Dear Reader: Harrogate's worst level crossing + a true rock n roll moment
A personal column by the Harrogate Advertiser's Graham Chalmers
Harrogate's worst level crossing
If had £10 for every time I’ve been caught at the level crossing at Starbeck in Harrogate well, to be honest, I could be living nicely in the south of France right now.
I know I’m not alone in having come to curse that particular railway line for its detrimental impact on drivers attempting to make progress on the main road linking Knaresborough and Harrogate.
So, when a reader of this newspaper got in touch last week saying he not only knew why the barrier on Starbeck High Street stays down so long but knows what to do about it, I decided I had to meet him.
Face to face, this retired former solicitor seemed ordinary enough but, if he’s right, what he told me could have extraordinary implications.
Based on what looked like a huge amount of research including timings, tables, videos and detailed comparisons with level crossings at other towns across the UK, this publicly-spirited member of the public was convinced that, at worst, the barrier could, and should, be down for one minute less each time.
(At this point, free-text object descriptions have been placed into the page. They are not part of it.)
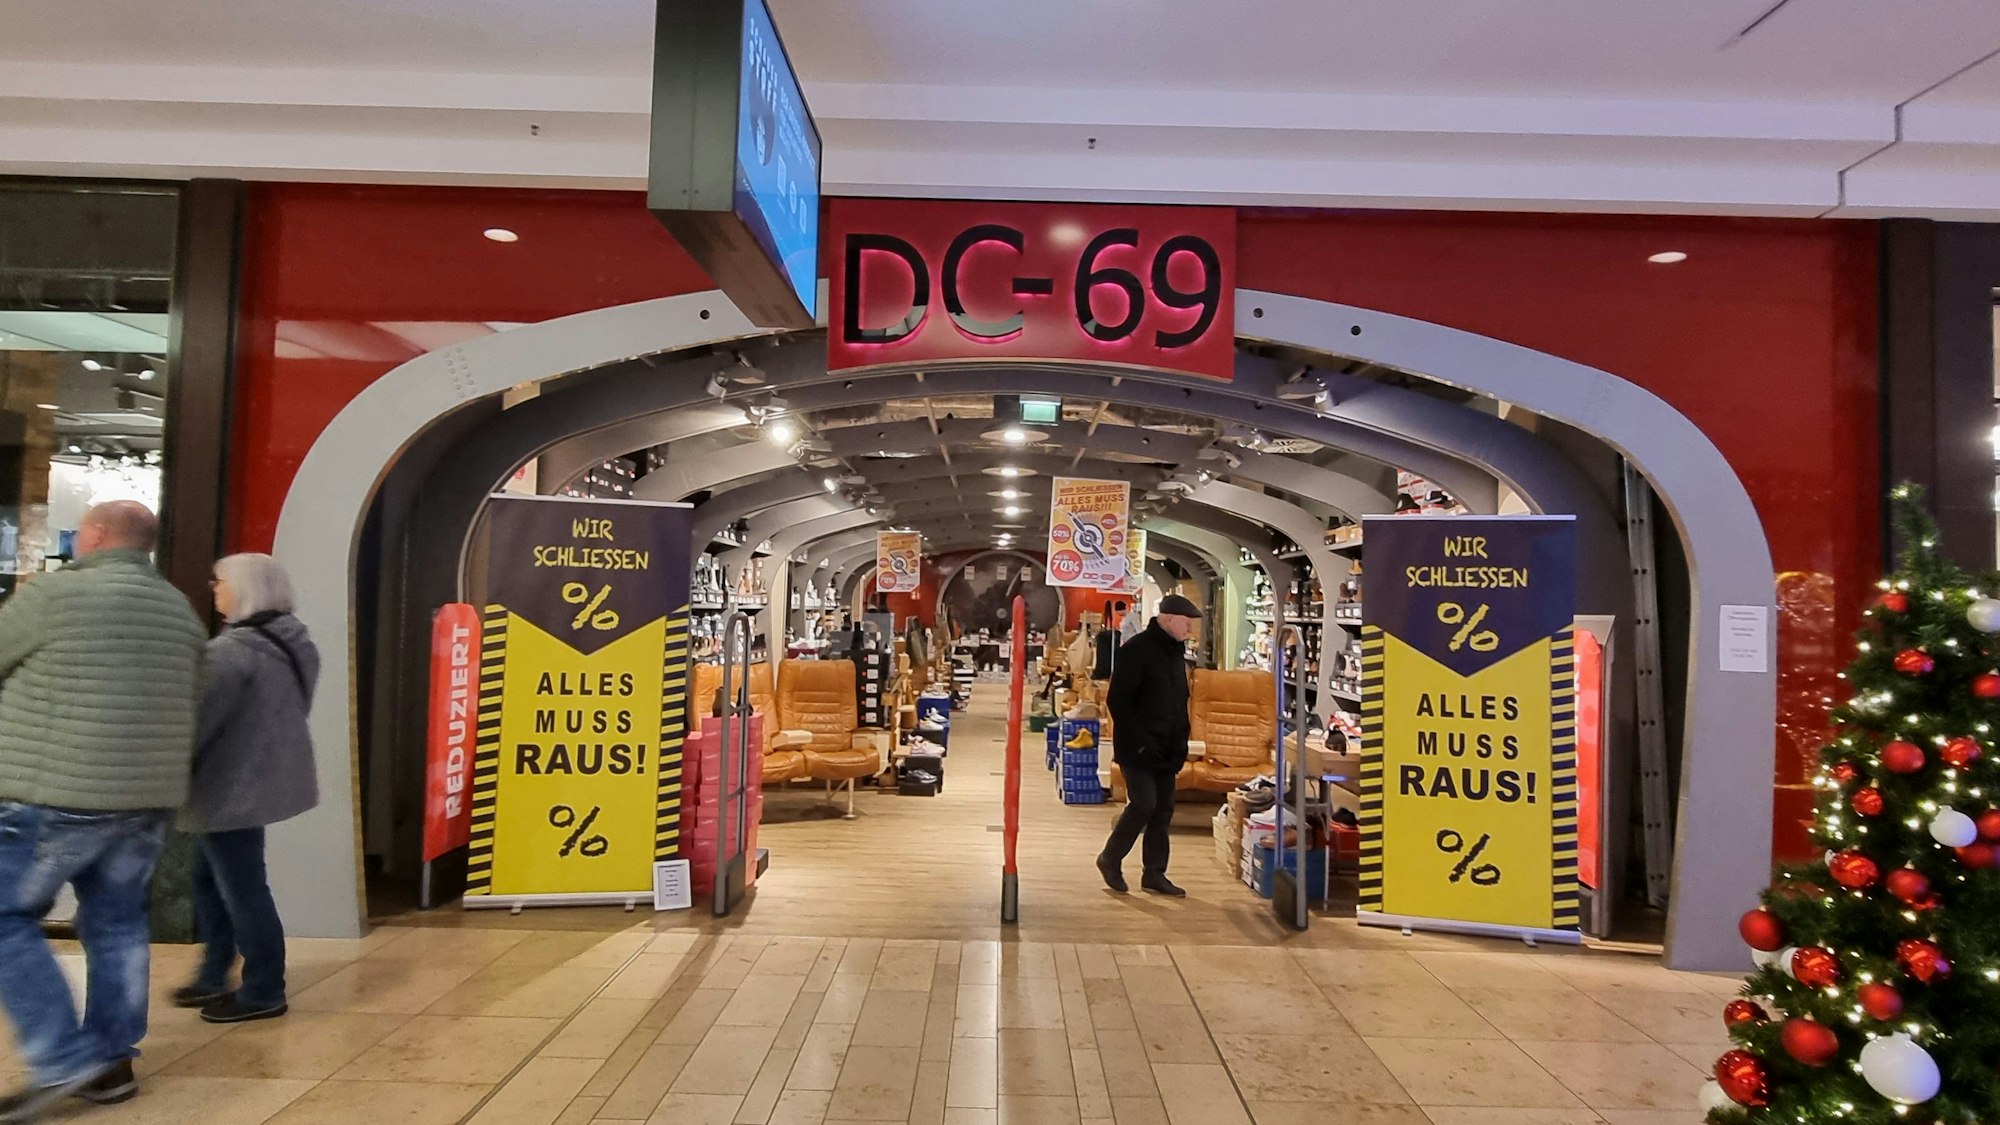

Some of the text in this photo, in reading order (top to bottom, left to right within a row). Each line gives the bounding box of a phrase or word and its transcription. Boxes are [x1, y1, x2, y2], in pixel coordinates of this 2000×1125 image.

[843, 224, 1222, 349] DC-69
[1057, 493, 1125, 506] ALLES MUSS
[572, 517, 614, 542] WIR
[533, 545, 649, 570] SCHLIESSEN
[1443, 535, 1488, 559] WIR
[1053, 560, 1080, 572] 70%
[1405, 565, 1528, 589] SCHLIESSEN
[536, 672, 634, 697] ALLES
[1416, 692, 1520, 721] ALLES
[445, 622, 470, 819] REDUZIERT
[535, 709, 632, 734] MUSS
[1417, 731, 1520, 760] MUSS
[514, 743, 647, 775] RAUS!
[1399, 764, 1536, 804] RAUS!
That doesn’t sound much but the undoubted financial costs of tinkering with the crossing may be worth for the simple reason that, currently, the barrier comes down then goes up at Starbeck approximately 40 times a day.
For a single driver using the road a lot that adds up to a wait of 40 minutes per day, 280 minutes a week, 1,120 minutes a month...You get the picture.
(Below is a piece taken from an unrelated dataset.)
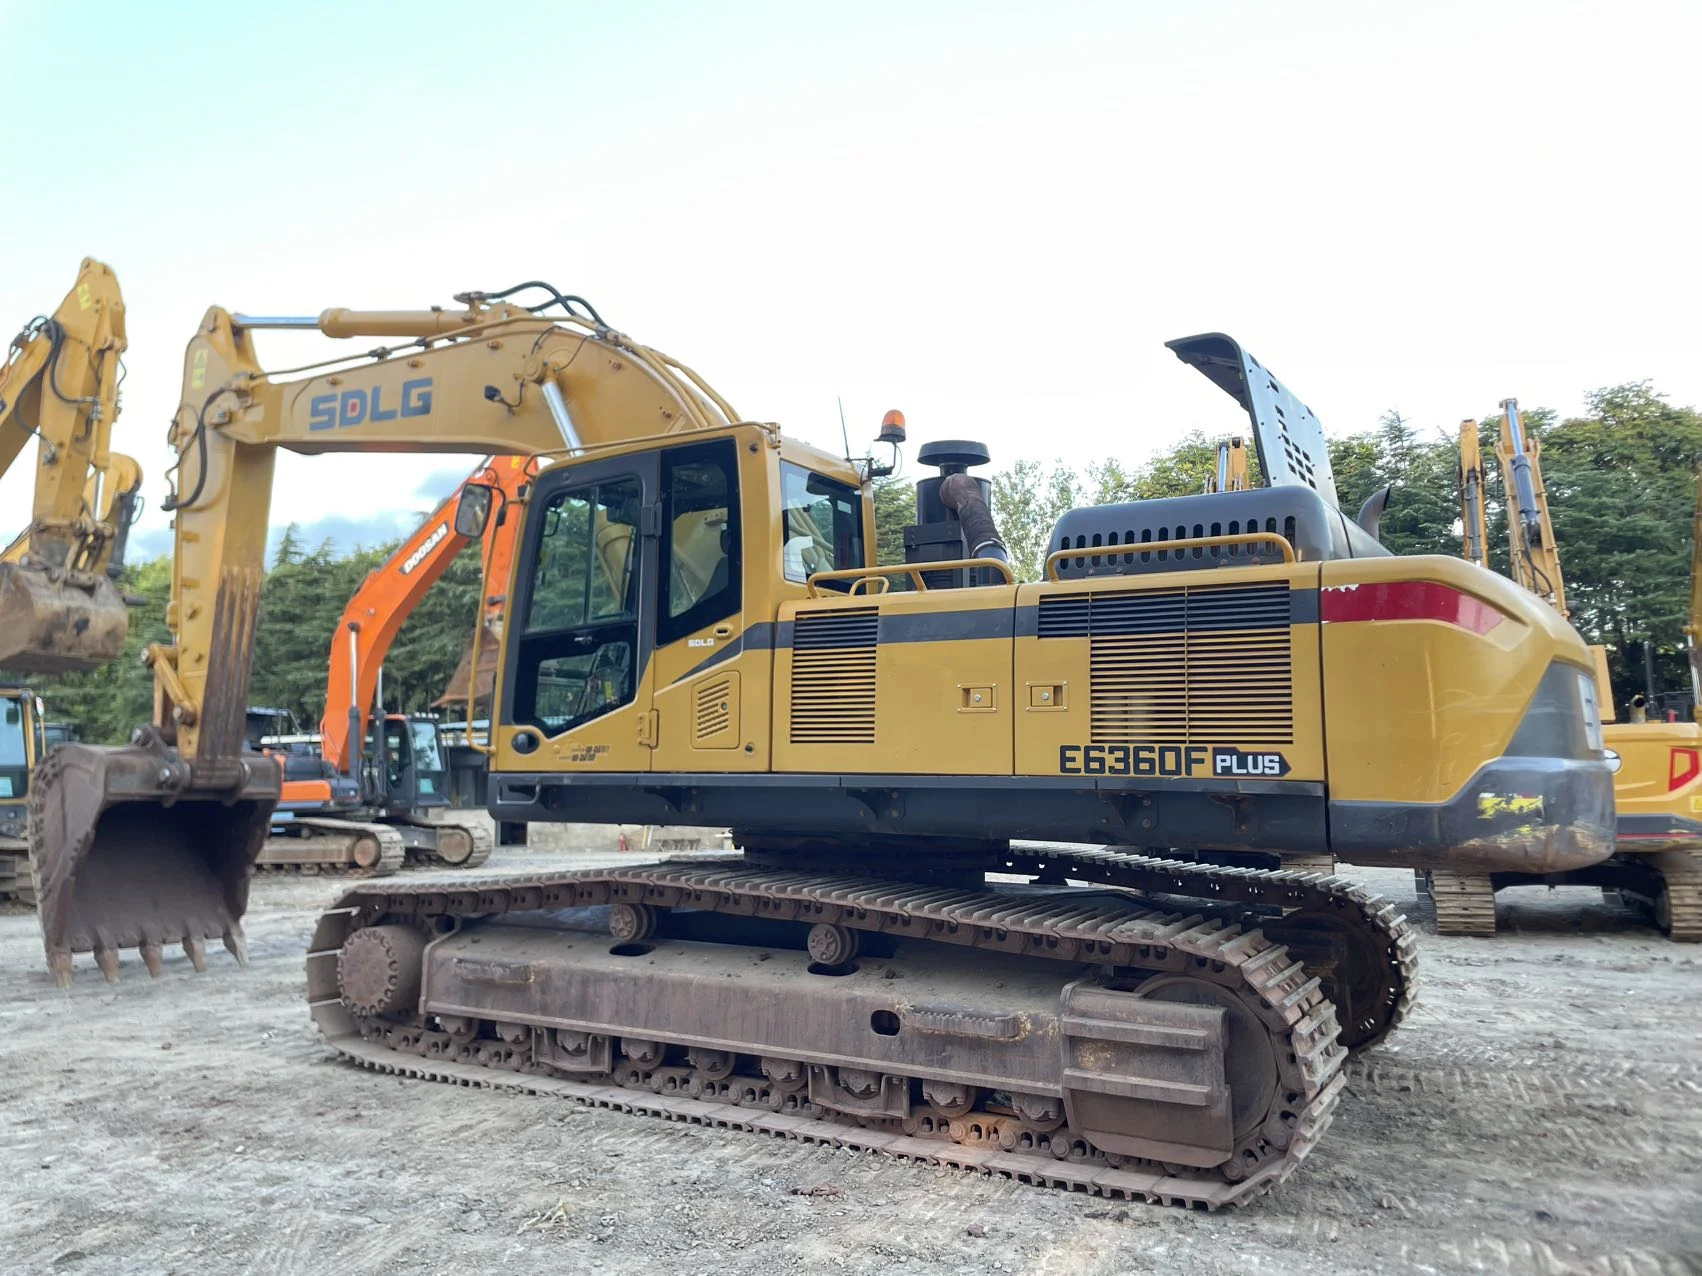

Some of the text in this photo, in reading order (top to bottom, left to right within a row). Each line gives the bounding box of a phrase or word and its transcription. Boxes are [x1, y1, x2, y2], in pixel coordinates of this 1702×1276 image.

[309, 377, 433, 432] SDLG
[403, 523, 448, 574] DOOSAN
[688, 638, 714, 647] SDLG
[1060, 745, 1280, 776] E6360F PLUS
Multiply that by the number of drivers travelling along this major road on a regular basis...
A true rock n roll moment
Harrogate isn’t widely regarded as rock n roll town but, perhaps, it’s time that perception changed a little?
There is actually quite a bit of history to back up that bold statement, even if Harrogate does tend retain certain standards when it comes to the world of two guitars, a bass and drums.
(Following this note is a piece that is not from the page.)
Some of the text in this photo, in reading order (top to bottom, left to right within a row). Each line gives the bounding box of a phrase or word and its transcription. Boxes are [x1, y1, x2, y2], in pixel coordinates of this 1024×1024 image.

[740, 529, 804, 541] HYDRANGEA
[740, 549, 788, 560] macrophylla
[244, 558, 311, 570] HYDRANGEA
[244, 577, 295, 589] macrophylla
Even last weekend’s packed birthday bash for Roy Webber, true Harrogate music royalty, proved to be a glitzy up-market affair.
Elvis, himself, turned up at The Ivory Bar in quiff and black leather, no, not the real one, obviously.
The live music was genuine, however, and of a very high quality, as you’d expect from someone who was good enough to get signed by Atlantic Records with the band Wally back in the 1970s before going on to set up his own internationally-successful sports branding business.
His talented daughter Holly, following in her dad’s footsteps, also sang a couple of numbers at the party with her trademark heart and soul.
Still, overall, this well-organised birthday bash was an occasion for posh dresses and suits, a mood broken only once when a large glass of red wine found itself spilt all over one guest’s gleaming white shirt.
Even here, the person concerned handled the situation with calm aplomb.
Without so much as a murmer, he removed the stained shirt, then stood chatting away to me in a completely dignified fashion topless as if it was the most normal thing in the world for more than ten minutes before someone thought to go and find him a new shirt. Rock n roll.